Finding the Shared Moment
I watched Jerry take a sip of his wine-a cheap red that he insists is better than the $75 bottle my sister brought over. It's his 'house style.' He's comfortable with it. And in that moment, I realized I didn't want to win the argument anymore. What would winning even look like? Proving to a 65-year-old man that his favorite memories are statistically inferior to a current reality he doesn't enjoy? That feels less like a debate and more like an act of cruelty. So, I did what Harper S.K. suggests when dealing with a closed loop: I introduced a new variable. I didn't argue against Jordan. I asked Jerry to tell me about the first time he saw him play live.
The transformation was instant. The aggressive finger-pointing stopped.

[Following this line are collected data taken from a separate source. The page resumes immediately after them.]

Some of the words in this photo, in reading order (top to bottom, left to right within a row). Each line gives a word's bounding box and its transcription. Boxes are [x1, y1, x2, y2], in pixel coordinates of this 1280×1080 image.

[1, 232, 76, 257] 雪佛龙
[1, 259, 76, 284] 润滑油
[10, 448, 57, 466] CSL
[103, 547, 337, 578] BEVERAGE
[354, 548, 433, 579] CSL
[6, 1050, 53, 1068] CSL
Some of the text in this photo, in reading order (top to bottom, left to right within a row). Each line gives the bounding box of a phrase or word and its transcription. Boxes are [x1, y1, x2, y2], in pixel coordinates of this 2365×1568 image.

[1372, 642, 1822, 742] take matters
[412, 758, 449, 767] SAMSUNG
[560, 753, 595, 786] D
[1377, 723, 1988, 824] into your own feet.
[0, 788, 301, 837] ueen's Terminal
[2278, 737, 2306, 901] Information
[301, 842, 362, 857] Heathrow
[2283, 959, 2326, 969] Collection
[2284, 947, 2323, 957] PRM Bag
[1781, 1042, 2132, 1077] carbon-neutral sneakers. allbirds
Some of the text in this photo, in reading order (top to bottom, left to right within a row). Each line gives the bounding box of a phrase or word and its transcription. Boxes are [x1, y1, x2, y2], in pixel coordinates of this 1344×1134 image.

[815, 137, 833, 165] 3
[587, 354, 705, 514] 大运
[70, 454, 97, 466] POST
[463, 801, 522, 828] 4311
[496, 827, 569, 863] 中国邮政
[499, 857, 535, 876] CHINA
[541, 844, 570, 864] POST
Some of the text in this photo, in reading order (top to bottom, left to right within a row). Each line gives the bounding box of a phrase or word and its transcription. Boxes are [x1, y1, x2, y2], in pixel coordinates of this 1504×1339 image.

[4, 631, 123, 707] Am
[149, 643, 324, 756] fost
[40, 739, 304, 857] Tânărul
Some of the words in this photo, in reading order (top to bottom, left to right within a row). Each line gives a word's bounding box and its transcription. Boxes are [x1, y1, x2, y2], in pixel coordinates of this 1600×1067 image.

He wasn't trying to prove a point anymore; he was sharing a piece of himself.
He talked about the 1985 season, the way the light hit the floor in the old stadium, and the sound the net made-a specific 'snap' that he swears you don't hear anymore. He wasn't a bitter old man defending a fort; he was a kid again, witnessing something that felt like magic. We often mistake our love for a specific moment in time for a universal truth about quality. We think we're talking about the 'best,' but we're really talking about the 'first.' The first time we felt that rush of awe. The first time we felt like we understood the world. To the 15-year-old watching the game today, the current superstars are providing that same magic. They are the architects of a new set of 'Golden Age' memories that will be defended with equal fervor in 35 years. The cycle is 75% predictable and 105% human.
The Final Step Out
I eventually managed to stand up and move toward the door, a process that still took another 15 minutes of lingering by the coat rack. Jerry was still talking as I put on my shoes, his voice trailing after me with one last 'and another thing about the 90s...' But I wasn't annoyed anymore. I saw the dark pattern for what it was. It wasn't an attack on the present; it was a love letter to a past that he isn't ready to leave behind. We're all just trying to keep the lights on in the rooms where we felt most alive.
The Real Softness
Maybe the softness is in us-the way we bruise when the world moves on without asking for our permission. We hold onto these old players because they are the only ones who can still carry the weight of our younger selves.
I just hope I have the grace to admit I'm actually just talking about how much I miss being young.